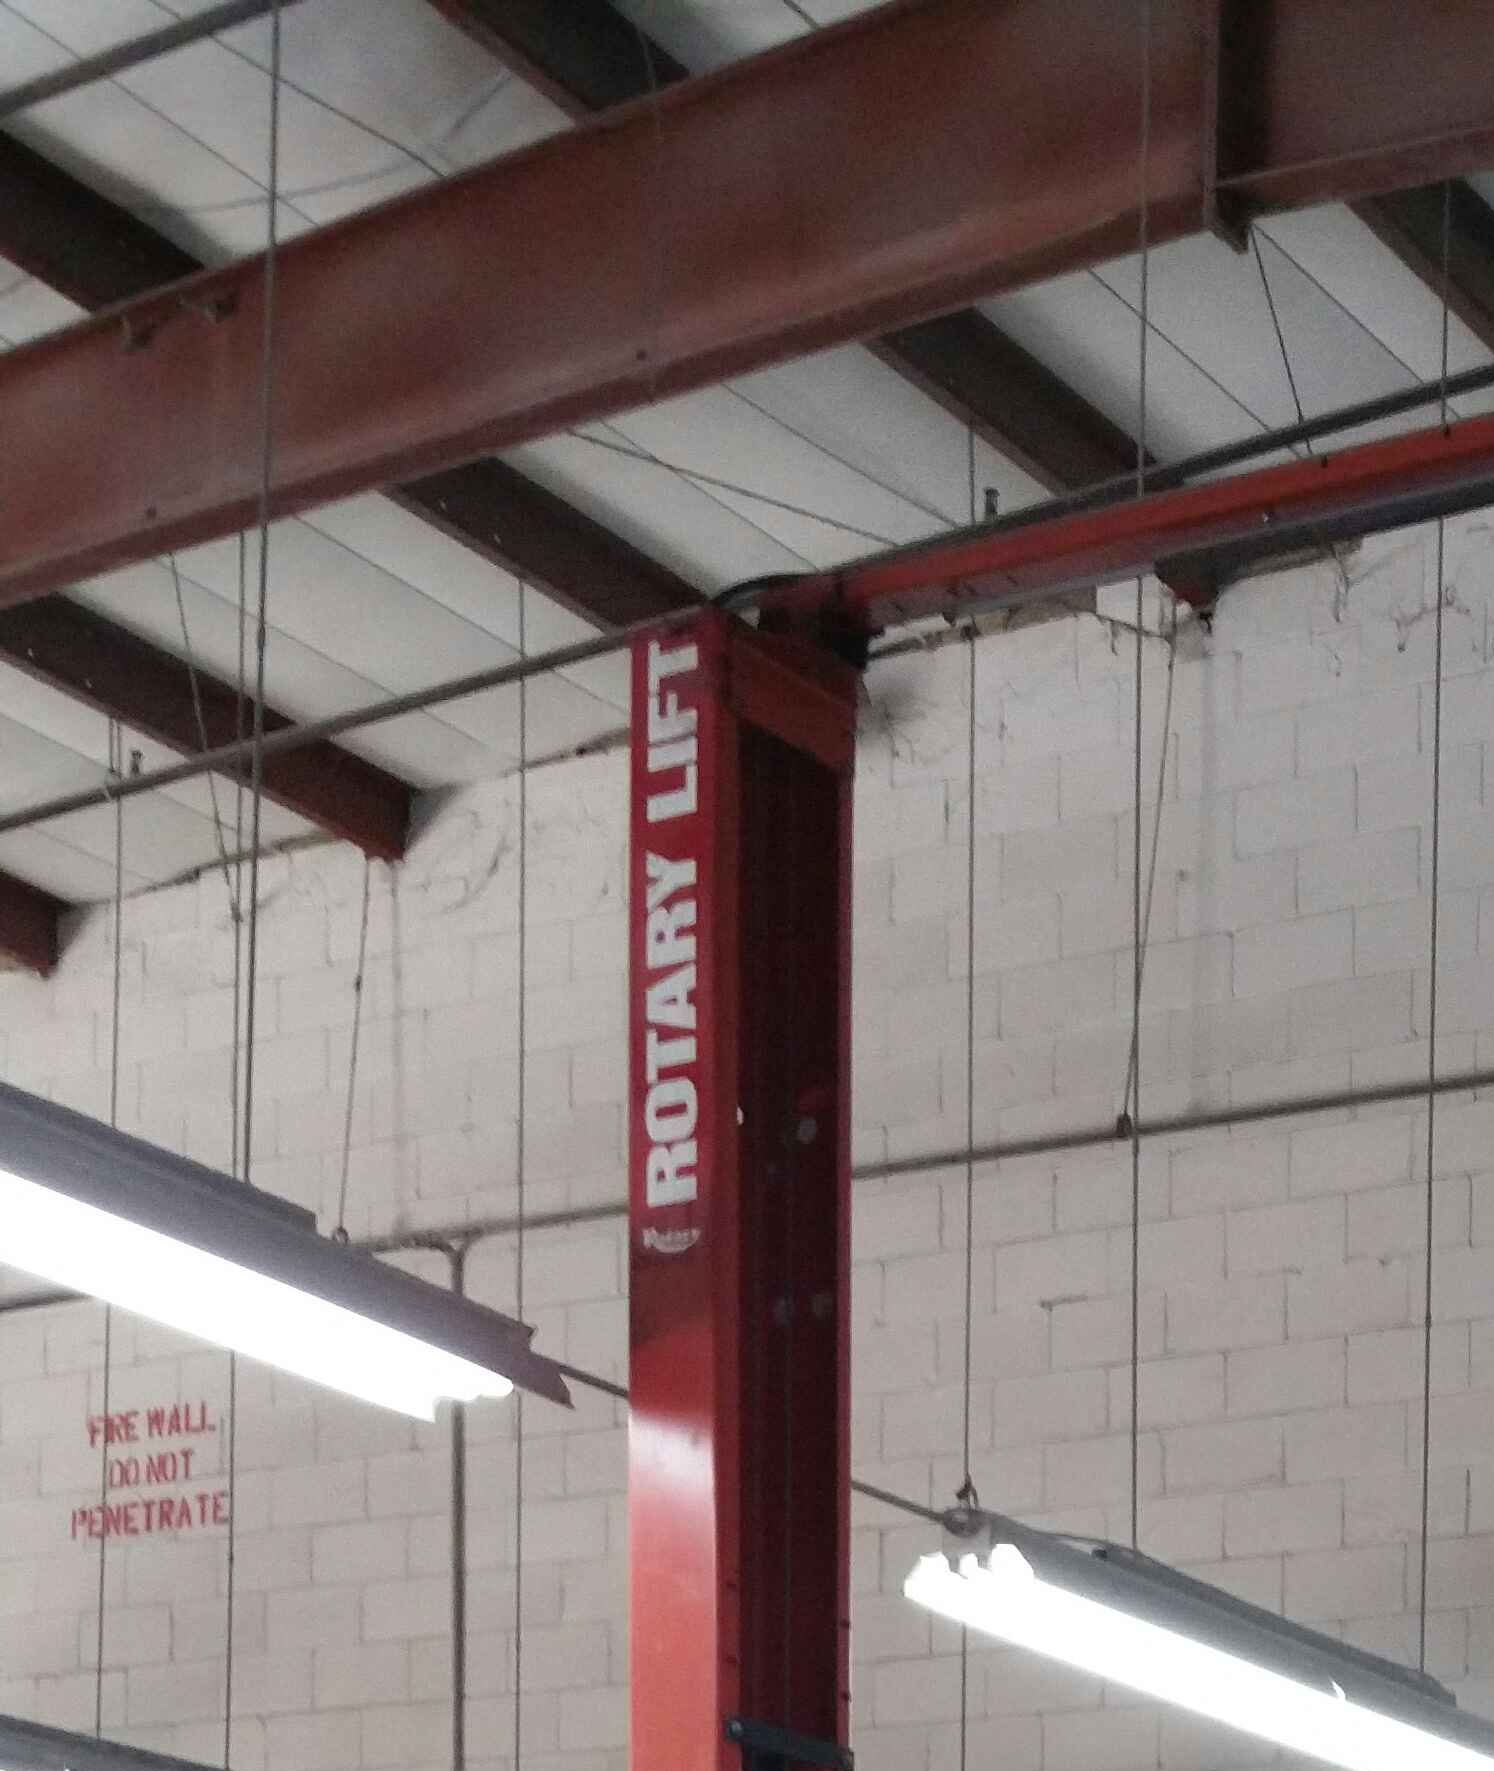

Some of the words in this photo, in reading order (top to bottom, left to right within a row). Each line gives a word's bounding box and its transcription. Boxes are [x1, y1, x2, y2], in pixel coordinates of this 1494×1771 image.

[646, 641, 699, 823] LIFT
[644, 853, 698, 1208] ROTARY
[87, 1410, 140, 1448] FIRE
[147, 1400, 217, 1439] WALL
[108, 1455, 140, 1490] DO
[146, 1447, 196, 1485] NOT
[71, 1490, 231, 1541] PENETRATE
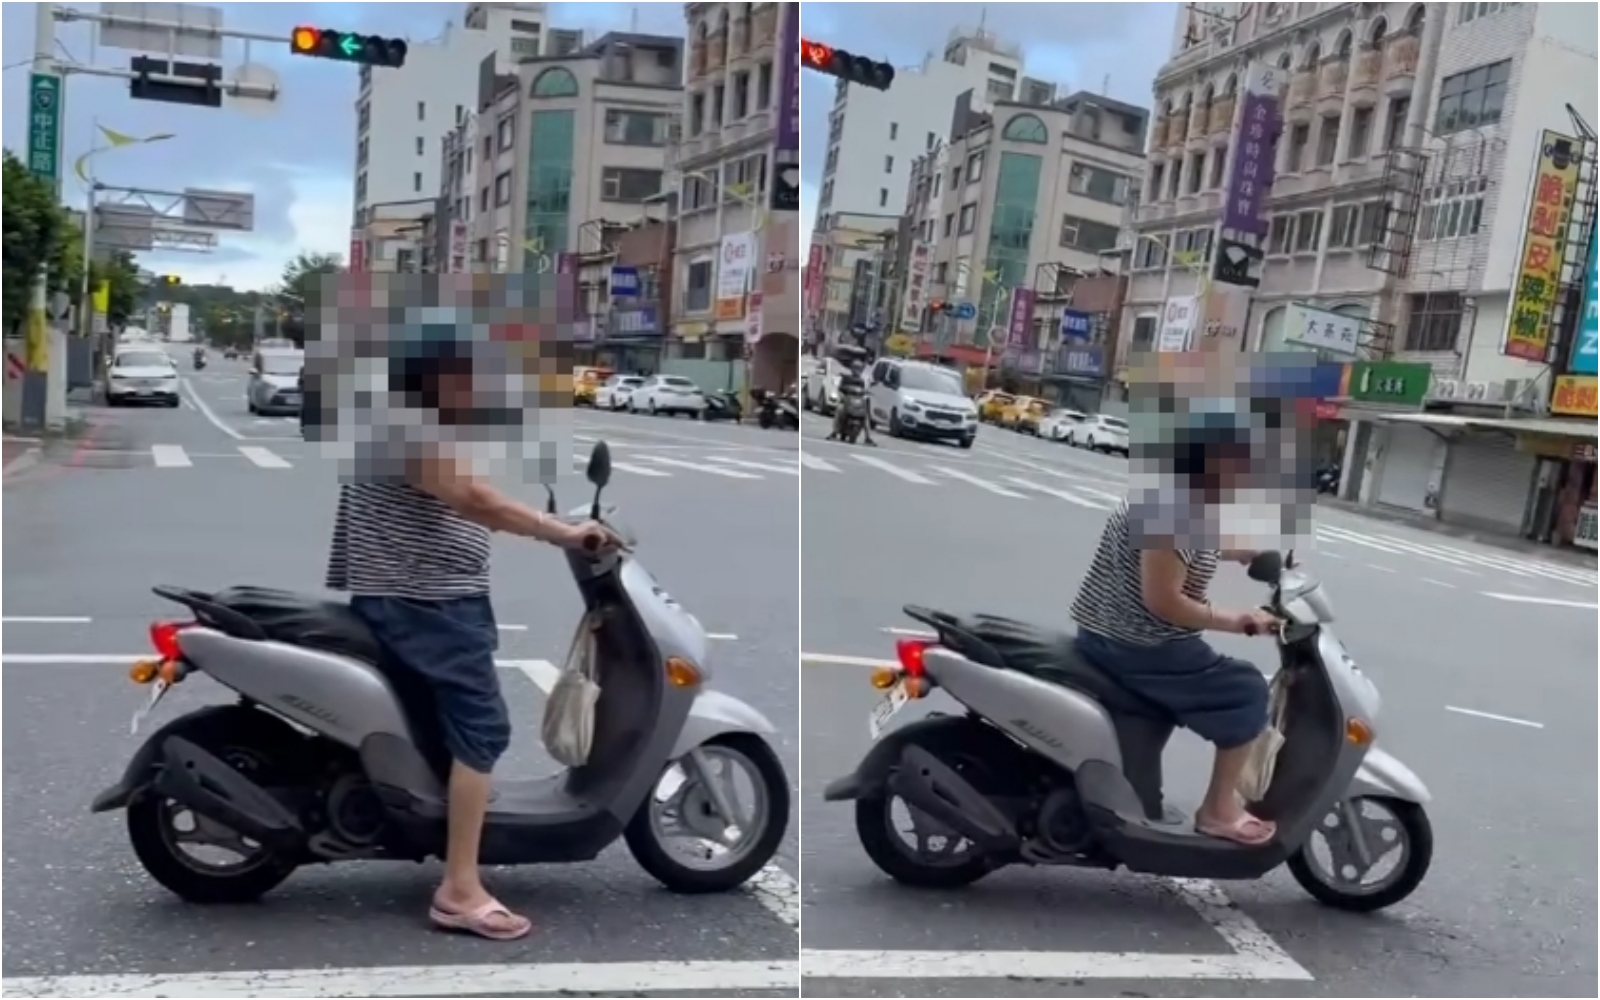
_____
**Activity**. Leave the images out and transcribe the remaining data above word for word.

**Response to the task**.
Some of the words in this photo, in reading order (top to bottom, left to right within a row). Each line gives a word's bounding box and its transcription. Boxes are [x1, y1, x2, y2], in pixel coordinates of this 1494×1771 image.

[646, 641, 699, 823] LIFT
[644, 853, 698, 1208] ROTARY
[87, 1410, 140, 1448] FIRE
[147, 1400, 217, 1439] WALL
[108, 1455, 140, 1490] DO
[146, 1447, 196, 1485] NOT
[71, 1490, 231, 1541] PENETRATE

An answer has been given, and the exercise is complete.